Positive politeness strategies include:

  • Being smiley and friendly
  • Sharing things with people, without asking permission
  • Doing people favours
  • Speaking to people in a familiar tone
  • Joking and bantering with randoms

Negative politeness strategies include:

  • Having a neutral expression in public
  • Using lots of “please” and “if you don’t mind” and “thank you”
  • Not imposing on people
  • Speaking to people in a respectful tone
  • Keeping the hell out of randoms’ faces

Cultures have preferences for positive or negative politeness strategies. And cultures take the wrong politeness strategies very badly.

I’m sure you’ve recognised a stereotype or two in one column or the other; maybe even in both.

How do you say welcome to a greek wedding?

Greek is all about the formulaic expressions. If you’re the guest in a Greek wedding, you must say:

  • Να ζήσετε “may you live [long]” to the bride and groom.
  • Να σας ζήσουν “may they live [long] for you” to the bride and groom’s families.
  • Πάντα άξιος “[may you] always [be] worthy” to the best man. (You also say that to godparents.)
  • Πάντα άξια “[may you] always [be] worthy” to the matron of honour.
  • Και στα δικά σου “also [looking forward] to yours!” to anyone present and unmarried. A phrase that has made not a few unmarried Greeks choose to stay away from weddings.
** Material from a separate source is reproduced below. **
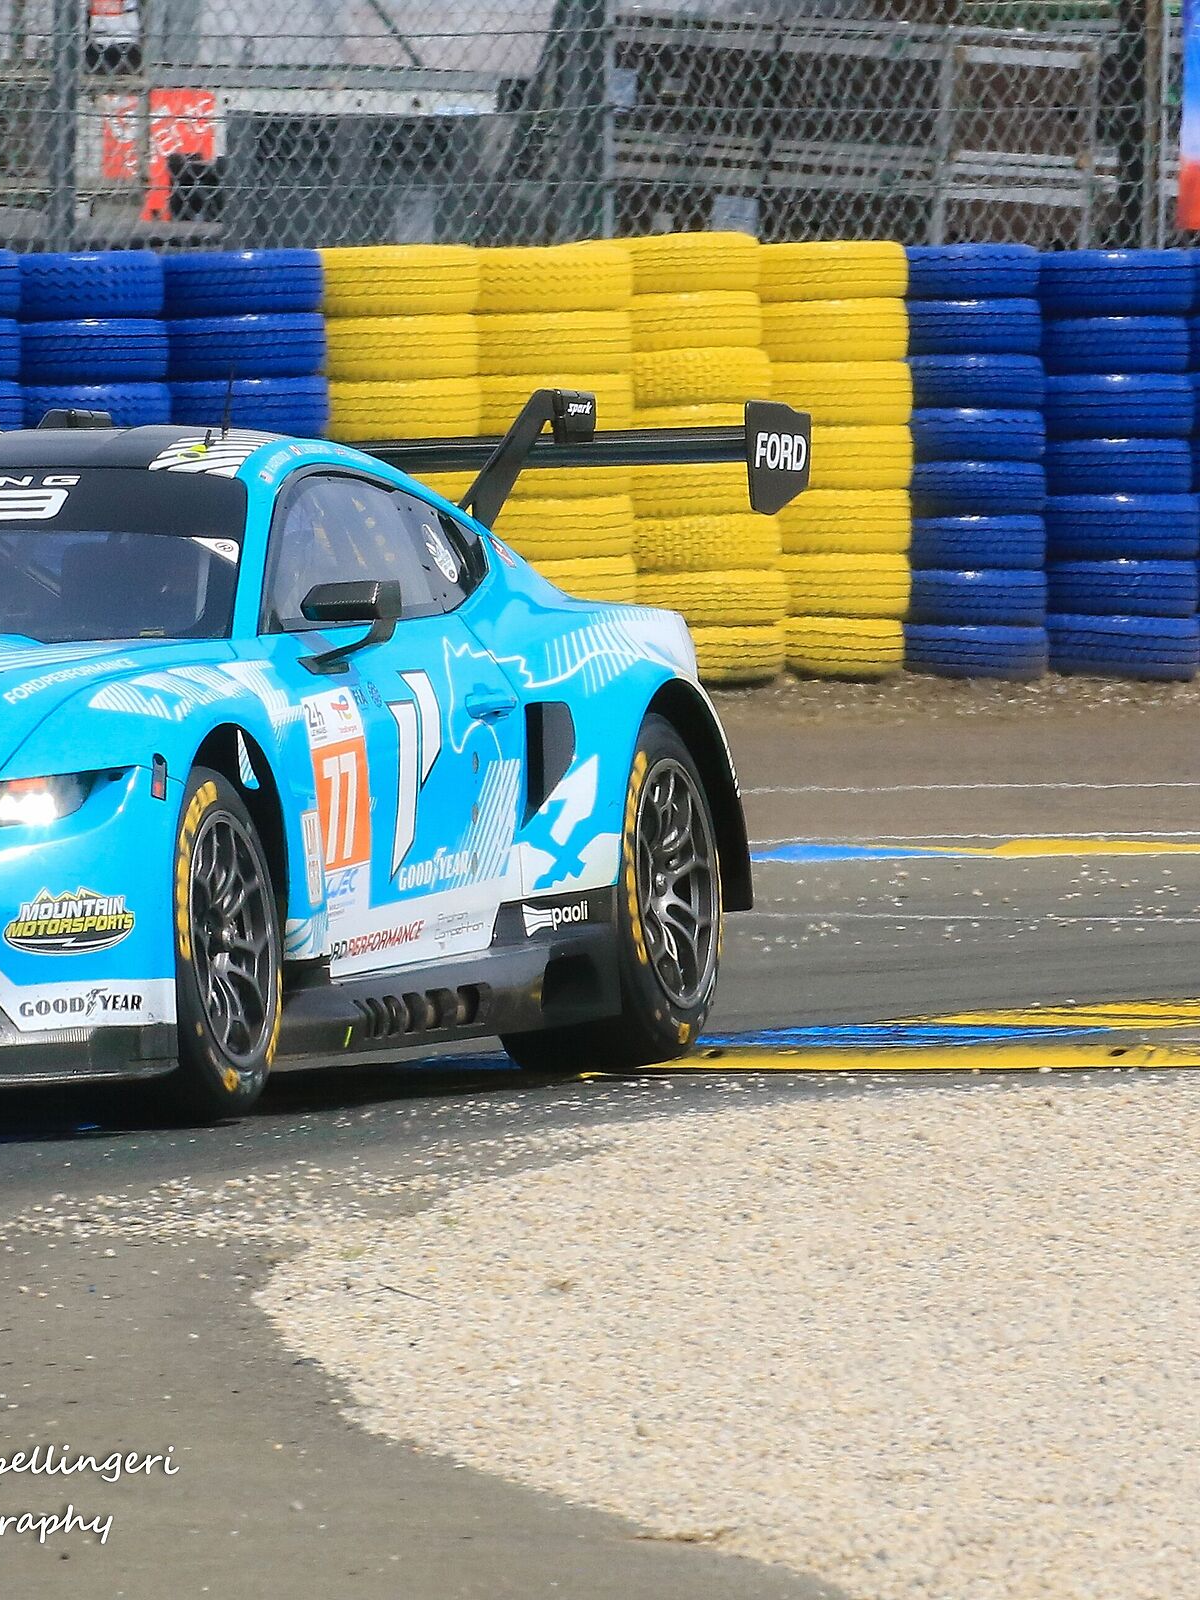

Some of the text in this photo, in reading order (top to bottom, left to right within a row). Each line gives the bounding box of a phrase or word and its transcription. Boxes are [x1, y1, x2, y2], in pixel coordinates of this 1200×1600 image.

Now, if you’re the bride and groom… actually, if you’re the bride and groom, you don’t traditionally say all that much, and I’m not aware of a formulaic expression of welcome to a wedding. The generic καλώς ορίσατε “welcome” will do, if you have to say anything; but my recollection is that newlyweds mostly just beam a lot, and dance.

Does Quora list its moderators publicly?

Why, of course:

https://www.quora.com/topic/Spec…

  • Quora Location Bot
  • Quora Topic Bot
  • Quora Question Bot
  • Quora Question Review Bot
  • Quora Topic FAQ Bot
  • Quora Collapse Bot

No, not really. There are Quora staff that have oversight of moderation; and Quorans have inferred that the bulk of moderation work is done by either bots, or cheap outsourced contractors (with frequent resulting hilarity). The latter have certainly not been discussed publicly.

The former can be unearthed (so Tatiana Estévez is publicly visible, and Jay Wacker and Jonathan Brill do… something, though I’m still not clear what). But it’s not particularly in any large-scale service’s interest that there be too much of a personal face on moderation: that cannot scale.

Did the Doric Invasions really happen? Which regions became mostly Dorian and what were they before the conquest?

There are four major groups of ancient Greek dialects:

  • Ionic, of which Attic is a subbranch
  • North-Western, of which Doric and Achaean are subbranches
  • Aeolic
  • Arcado-Cypriot

I’ve ranked them in impressionistic order of archaicness.

The easiest explanation for the spread of the North-Western group is as a wave of settlement, that you might as well associate with Dorian invasions. You can similarly make sense of Ionic as a different wave of settlement. And you can make sense of Aeolic as what was left over in between the two waves of settlement; bear in mind that anything Ionic north of Lesbos resulted from later colonial activity.

Now, notice where Arcado-Cypriot is spoken. Some mountains in the middle of the Peloponnese, and Cyprus, which is very very far away.

The default assumption here is that the Dorian invasion pushed the previous Greek speakers of the Peloponnese up into the mountains. And that Cyprus had been settled by Greek speakers speaking that dialect, before the Dorians cut them off from the sea. In other words: that Arcado-Cypriot was a continuation of the original Mycenaean version of Greek. And there are bits of Arcado-Cypriot and Aeolic embedded in the mishmash language of Homer, although it is basically an archaic Ionic.